### Task
Transcribe exactly the portion of the listing below that runs from the line containing "this 1600×864 image." through its last line.

### Data in this exercise
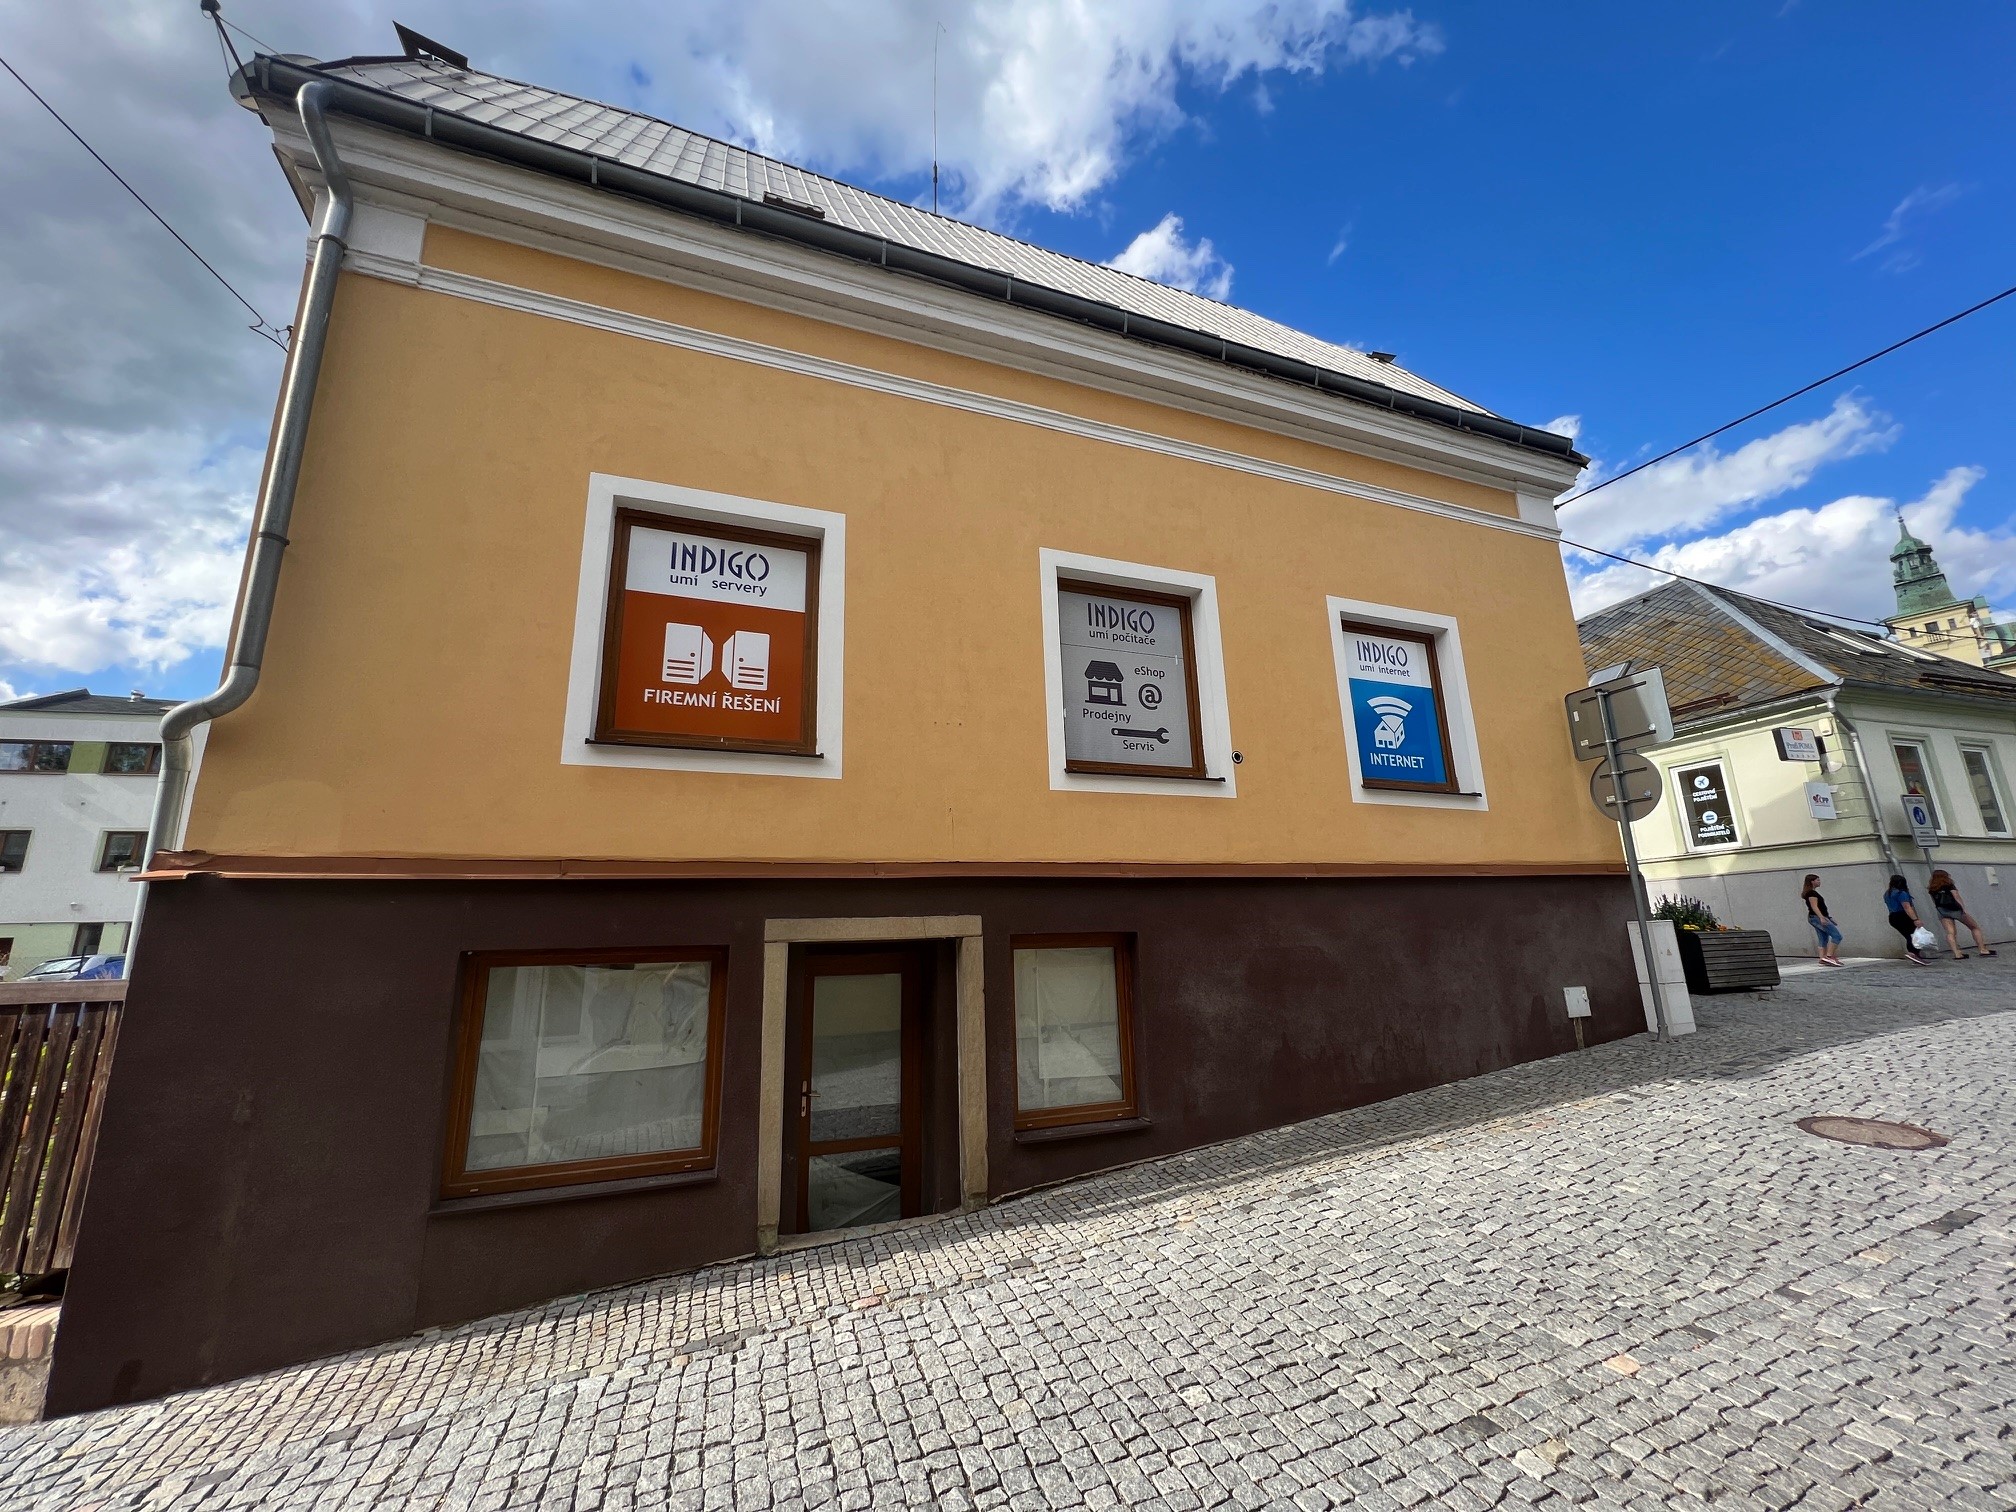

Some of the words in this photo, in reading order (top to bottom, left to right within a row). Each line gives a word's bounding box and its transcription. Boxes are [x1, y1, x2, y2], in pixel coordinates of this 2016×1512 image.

[671, 541, 769, 581] INDIGO
[670, 574, 698, 586] umí
[712, 578, 767, 597] servery
[1087, 602, 1155, 634] INDIGO
[1089, 629, 1109, 640] umí
[1112, 632, 1156, 646] počítače
[1356, 640, 1408, 667] INDIGO
[1134, 666, 1165, 679] eShop
[1378, 665, 1410, 678] internet
[644, 688, 716, 708] FIREMNÍ
[722, 692, 780, 714] ŘEŠENÍ
[1082, 708, 1132, 724] Prodejny
[1122, 739, 1155, 752] Servis
[1370, 752, 1424, 769] INTERNET
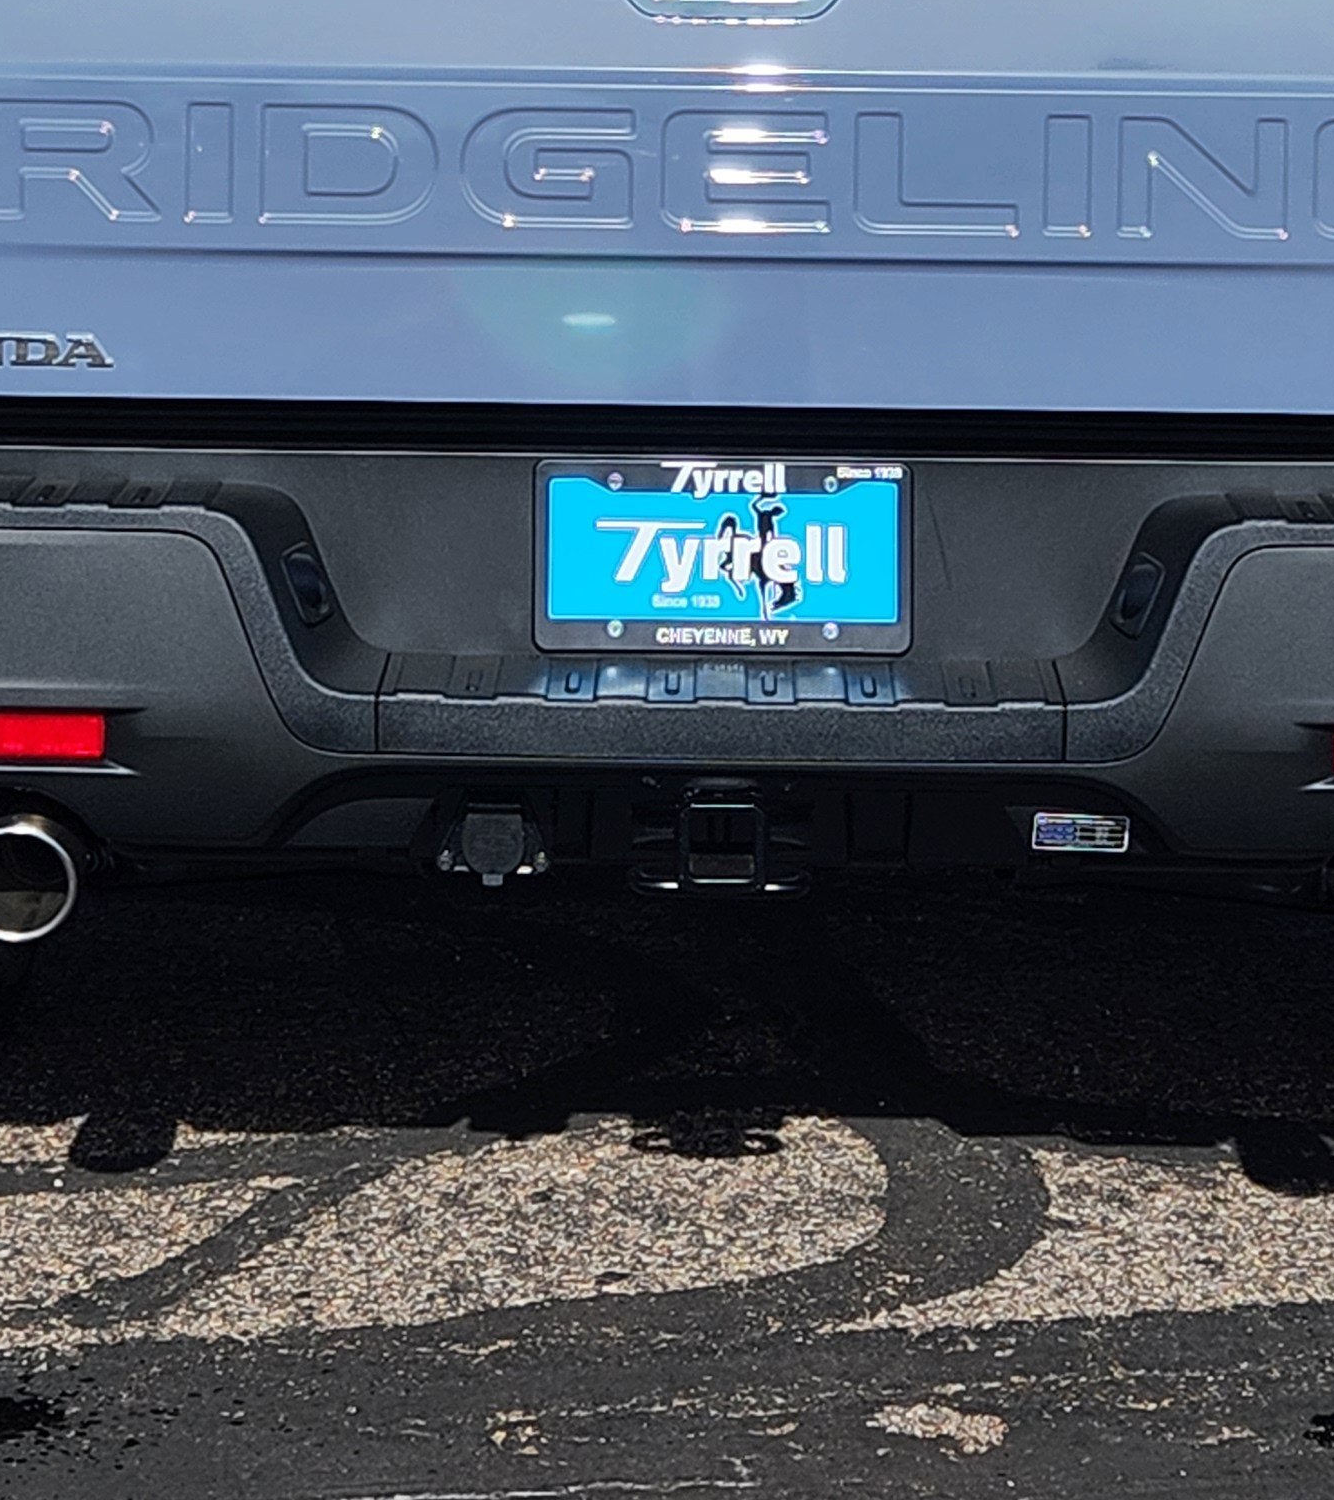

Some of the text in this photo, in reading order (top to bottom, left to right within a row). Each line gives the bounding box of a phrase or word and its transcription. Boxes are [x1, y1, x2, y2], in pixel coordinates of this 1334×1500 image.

[660, 461, 787, 499] Tyrrell
[595, 519, 848, 592] Tyrrell
[655, 627, 789, 647] CHEYENNE, WY
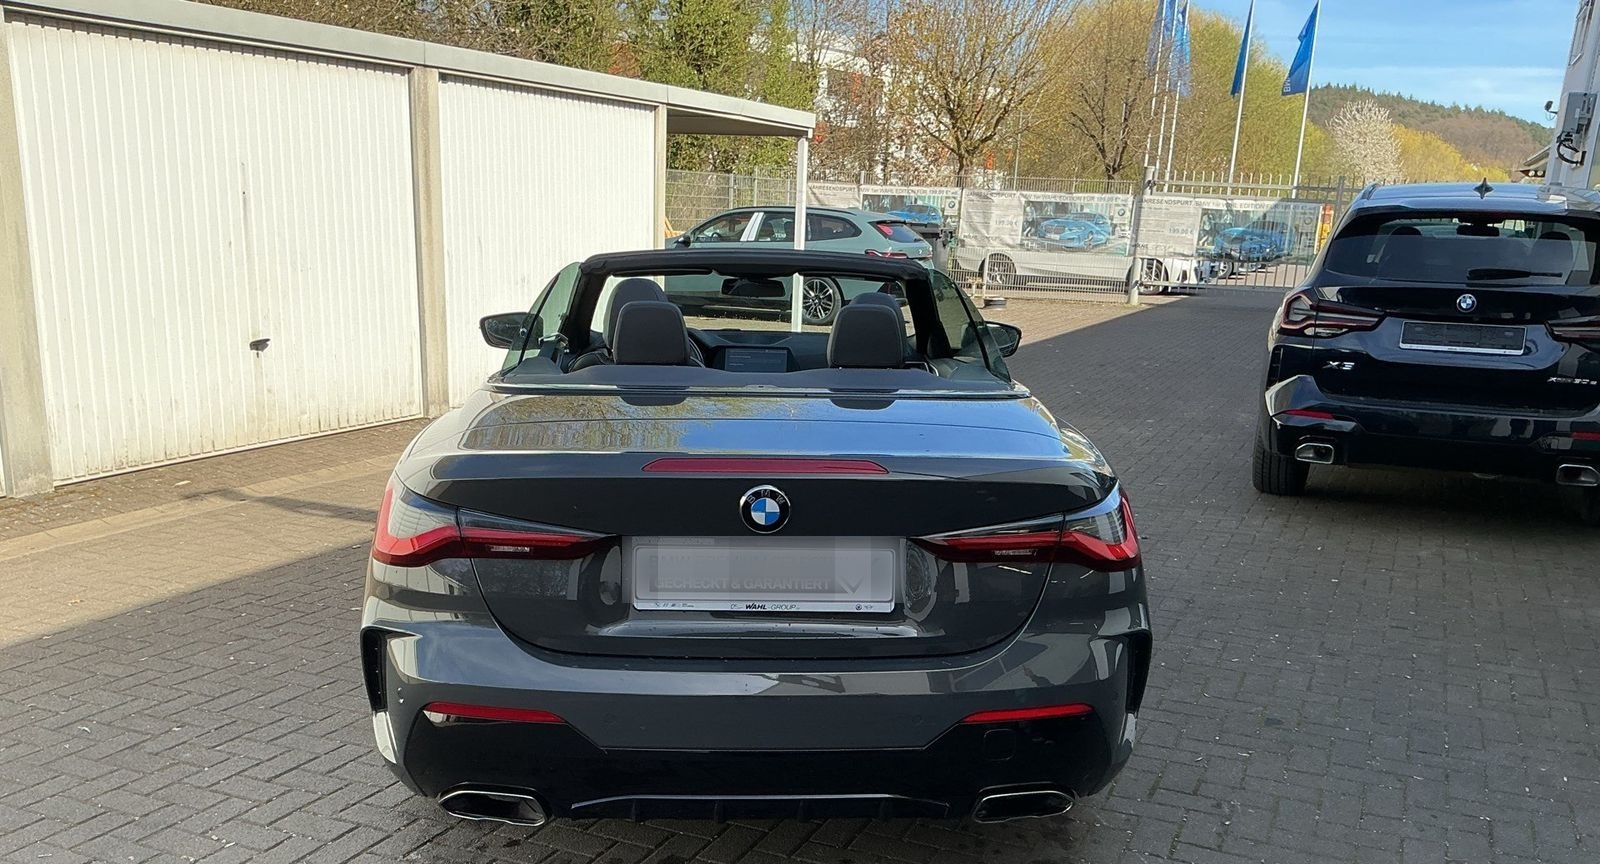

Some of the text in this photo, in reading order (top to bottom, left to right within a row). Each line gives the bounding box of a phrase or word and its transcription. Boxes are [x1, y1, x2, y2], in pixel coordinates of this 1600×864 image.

[746, 489, 786, 505] BMW
[655, 577, 730, 589] GECHECKT
[743, 578, 832, 590] GARANTIERT

### Final answer
Some of the text in this photo, in reading order (top to bottom, left to right within a row). Each line gives the bounding box of a phrase or word and its transcription. Boxes are [x1, y1, x2, y2], in pixel coordinates of this 1600×864 image.

[746, 489, 786, 505] BMW
[655, 577, 730, 589] GECHECKT
[743, 578, 832, 590] GARANTIERT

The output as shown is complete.